> _Task directions_
At the line that includes "this 2048×1536 image.", begin writing out the entries below exactly, and continue through the last line without adding anything.

> _Material shown_
§ §

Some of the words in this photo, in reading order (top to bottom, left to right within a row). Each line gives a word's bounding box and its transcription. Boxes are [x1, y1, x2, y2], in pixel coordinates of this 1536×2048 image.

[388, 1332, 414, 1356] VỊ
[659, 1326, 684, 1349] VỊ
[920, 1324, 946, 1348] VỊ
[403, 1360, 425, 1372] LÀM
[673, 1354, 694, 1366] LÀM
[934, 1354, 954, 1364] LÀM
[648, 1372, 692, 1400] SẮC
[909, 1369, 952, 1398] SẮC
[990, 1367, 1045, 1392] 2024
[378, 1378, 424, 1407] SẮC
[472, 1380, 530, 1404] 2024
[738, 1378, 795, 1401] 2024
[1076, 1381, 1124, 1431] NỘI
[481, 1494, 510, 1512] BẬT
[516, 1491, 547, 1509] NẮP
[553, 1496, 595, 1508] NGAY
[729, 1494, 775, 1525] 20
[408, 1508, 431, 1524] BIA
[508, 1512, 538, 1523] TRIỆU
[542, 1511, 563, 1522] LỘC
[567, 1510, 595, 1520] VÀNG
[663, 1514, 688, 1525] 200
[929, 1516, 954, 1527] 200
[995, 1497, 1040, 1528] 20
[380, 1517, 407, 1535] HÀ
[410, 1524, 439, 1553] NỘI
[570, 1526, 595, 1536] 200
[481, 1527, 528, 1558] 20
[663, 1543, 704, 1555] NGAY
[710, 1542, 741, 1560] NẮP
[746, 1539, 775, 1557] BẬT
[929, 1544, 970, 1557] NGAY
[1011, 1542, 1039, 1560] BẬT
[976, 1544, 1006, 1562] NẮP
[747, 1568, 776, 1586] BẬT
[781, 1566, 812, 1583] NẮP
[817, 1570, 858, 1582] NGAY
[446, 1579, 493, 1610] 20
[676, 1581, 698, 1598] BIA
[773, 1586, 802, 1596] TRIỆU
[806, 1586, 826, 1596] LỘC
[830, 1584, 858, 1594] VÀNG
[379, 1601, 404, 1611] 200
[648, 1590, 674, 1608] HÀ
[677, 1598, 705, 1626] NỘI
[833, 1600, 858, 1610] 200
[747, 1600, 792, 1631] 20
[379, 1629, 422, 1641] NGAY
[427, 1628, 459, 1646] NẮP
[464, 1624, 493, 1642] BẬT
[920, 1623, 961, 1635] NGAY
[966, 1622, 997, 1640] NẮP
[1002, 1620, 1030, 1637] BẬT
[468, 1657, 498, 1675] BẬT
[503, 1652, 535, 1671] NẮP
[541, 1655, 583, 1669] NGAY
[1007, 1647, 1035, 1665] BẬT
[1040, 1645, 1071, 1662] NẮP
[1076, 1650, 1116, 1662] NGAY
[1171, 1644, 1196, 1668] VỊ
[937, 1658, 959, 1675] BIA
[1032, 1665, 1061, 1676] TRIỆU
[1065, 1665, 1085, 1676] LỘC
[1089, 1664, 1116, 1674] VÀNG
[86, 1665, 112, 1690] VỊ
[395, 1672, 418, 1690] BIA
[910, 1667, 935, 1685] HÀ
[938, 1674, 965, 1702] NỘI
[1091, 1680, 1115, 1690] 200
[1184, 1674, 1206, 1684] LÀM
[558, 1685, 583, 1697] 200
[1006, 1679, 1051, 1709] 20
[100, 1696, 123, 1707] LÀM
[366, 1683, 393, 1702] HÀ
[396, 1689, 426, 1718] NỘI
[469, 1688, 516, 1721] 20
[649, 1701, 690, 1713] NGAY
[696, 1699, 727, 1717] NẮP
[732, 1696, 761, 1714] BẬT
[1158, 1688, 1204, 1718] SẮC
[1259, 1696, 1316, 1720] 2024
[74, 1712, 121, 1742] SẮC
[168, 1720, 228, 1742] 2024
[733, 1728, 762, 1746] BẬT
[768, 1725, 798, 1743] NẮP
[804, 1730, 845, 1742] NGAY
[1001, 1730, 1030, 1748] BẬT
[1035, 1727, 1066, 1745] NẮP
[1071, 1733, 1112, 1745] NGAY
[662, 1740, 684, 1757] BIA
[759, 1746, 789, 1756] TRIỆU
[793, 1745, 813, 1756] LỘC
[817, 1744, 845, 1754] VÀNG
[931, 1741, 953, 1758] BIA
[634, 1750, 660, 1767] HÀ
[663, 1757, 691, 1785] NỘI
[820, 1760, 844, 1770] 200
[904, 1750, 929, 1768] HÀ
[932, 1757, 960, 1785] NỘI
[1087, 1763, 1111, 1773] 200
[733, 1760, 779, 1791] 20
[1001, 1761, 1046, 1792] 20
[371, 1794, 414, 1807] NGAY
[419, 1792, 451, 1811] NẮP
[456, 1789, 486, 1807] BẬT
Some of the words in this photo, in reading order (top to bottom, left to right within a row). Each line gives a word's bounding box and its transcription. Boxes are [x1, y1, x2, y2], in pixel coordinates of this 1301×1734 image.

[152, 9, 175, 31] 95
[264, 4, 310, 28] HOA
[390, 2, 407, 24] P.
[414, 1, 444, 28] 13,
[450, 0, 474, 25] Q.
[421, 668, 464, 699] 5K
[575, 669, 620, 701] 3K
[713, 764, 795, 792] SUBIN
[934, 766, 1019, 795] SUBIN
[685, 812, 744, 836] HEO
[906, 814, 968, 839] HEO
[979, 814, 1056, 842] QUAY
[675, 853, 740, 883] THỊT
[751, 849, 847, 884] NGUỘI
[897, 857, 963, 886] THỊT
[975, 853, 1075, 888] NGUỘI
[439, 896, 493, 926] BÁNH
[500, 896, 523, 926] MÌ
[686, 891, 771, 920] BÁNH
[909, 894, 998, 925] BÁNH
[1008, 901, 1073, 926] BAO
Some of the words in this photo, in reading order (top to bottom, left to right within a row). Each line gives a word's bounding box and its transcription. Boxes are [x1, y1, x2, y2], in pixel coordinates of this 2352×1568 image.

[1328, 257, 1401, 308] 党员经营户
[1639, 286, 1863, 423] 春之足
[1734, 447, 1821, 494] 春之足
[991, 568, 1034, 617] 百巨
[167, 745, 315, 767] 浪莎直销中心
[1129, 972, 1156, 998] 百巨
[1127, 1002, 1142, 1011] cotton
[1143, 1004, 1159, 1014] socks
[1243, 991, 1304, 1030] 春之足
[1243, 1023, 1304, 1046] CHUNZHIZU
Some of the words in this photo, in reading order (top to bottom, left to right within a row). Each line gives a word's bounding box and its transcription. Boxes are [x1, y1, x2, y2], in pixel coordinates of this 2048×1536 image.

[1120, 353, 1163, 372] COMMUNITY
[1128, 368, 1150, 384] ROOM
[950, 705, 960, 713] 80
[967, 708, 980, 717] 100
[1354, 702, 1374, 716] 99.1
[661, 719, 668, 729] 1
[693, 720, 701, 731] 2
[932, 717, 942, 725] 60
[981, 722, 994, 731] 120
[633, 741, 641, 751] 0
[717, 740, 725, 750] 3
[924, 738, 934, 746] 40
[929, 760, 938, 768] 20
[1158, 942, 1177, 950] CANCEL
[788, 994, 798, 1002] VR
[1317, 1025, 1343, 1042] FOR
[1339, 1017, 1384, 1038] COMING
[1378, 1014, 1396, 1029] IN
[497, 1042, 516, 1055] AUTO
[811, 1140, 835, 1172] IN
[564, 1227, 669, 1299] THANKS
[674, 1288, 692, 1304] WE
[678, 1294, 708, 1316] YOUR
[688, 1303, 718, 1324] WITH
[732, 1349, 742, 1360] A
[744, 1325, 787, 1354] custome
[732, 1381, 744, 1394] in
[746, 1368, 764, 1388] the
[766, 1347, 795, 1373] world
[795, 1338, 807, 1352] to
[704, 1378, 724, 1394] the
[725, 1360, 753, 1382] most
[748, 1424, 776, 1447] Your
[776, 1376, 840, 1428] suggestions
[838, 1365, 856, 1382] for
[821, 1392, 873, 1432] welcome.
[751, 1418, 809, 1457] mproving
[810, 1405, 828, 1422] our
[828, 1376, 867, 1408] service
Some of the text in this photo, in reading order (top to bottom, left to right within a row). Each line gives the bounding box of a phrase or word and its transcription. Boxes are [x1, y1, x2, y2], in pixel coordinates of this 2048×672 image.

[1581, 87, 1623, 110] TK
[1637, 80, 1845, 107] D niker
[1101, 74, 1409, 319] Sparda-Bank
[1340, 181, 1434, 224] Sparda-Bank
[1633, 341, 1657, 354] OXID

§ §

> _Finished exercise_
Some of the words in this photo, in reading order (top to bottom, left to right within a row). Each line gives a word's bounding box and its transcription. Boxes are [x1, y1, x2, y2], in pixel coordinates of this 2048×1536 image.

[1120, 353, 1163, 372] COMMUNITY
[1128, 368, 1150, 384] ROOM
[950, 705, 960, 713] 80
[967, 708, 980, 717] 100
[1354, 702, 1374, 716] 99.1
[661, 719, 668, 729] 1
[693, 720, 701, 731] 2
[932, 717, 942, 725] 60
[981, 722, 994, 731] 120
[633, 741, 641, 751] 0
[717, 740, 725, 750] 3
[924, 738, 934, 746] 40
[929, 760, 938, 768] 20
[1158, 942, 1177, 950] CANCEL
[788, 994, 798, 1002] VR
[1317, 1025, 1343, 1042] FOR
[1339, 1017, 1384, 1038] COMING
[1378, 1014, 1396, 1029] IN
[497, 1042, 516, 1055] AUTO
[811, 1140, 835, 1172] IN
[564, 1227, 669, 1299] THANKS
[674, 1288, 692, 1304] WE
[678, 1294, 708, 1316] YOUR
[688, 1303, 718, 1324] WITH
[732, 1349, 742, 1360] A
[744, 1325, 787, 1354] custome
[732, 1381, 744, 1394] in
[746, 1368, 764, 1388] the
[766, 1347, 795, 1373] world
[795, 1338, 807, 1352] to
[704, 1378, 724, 1394] the
[725, 1360, 753, 1382] most
[748, 1424, 776, 1447] Your
[776, 1376, 840, 1428] suggestions
[838, 1365, 856, 1382] for
[821, 1392, 873, 1432] welcome.
[751, 1418, 809, 1457] mproving
[810, 1405, 828, 1422] our
[828, 1376, 867, 1408] service
Some of the text in this photo, in reading order (top to bottom, left to right within a row). Each line gives the bounding box of a phrase or word and its transcription. Boxes are [x1, y1, x2, y2], in pixel coordinates of this 2048×672 image.

[1581, 87, 1623, 110] TK
[1637, 80, 1845, 107] D niker
[1101, 74, 1409, 319] Sparda-Bank
[1340, 181, 1434, 224] Sparda-Bank
[1633, 341, 1657, 354] OXID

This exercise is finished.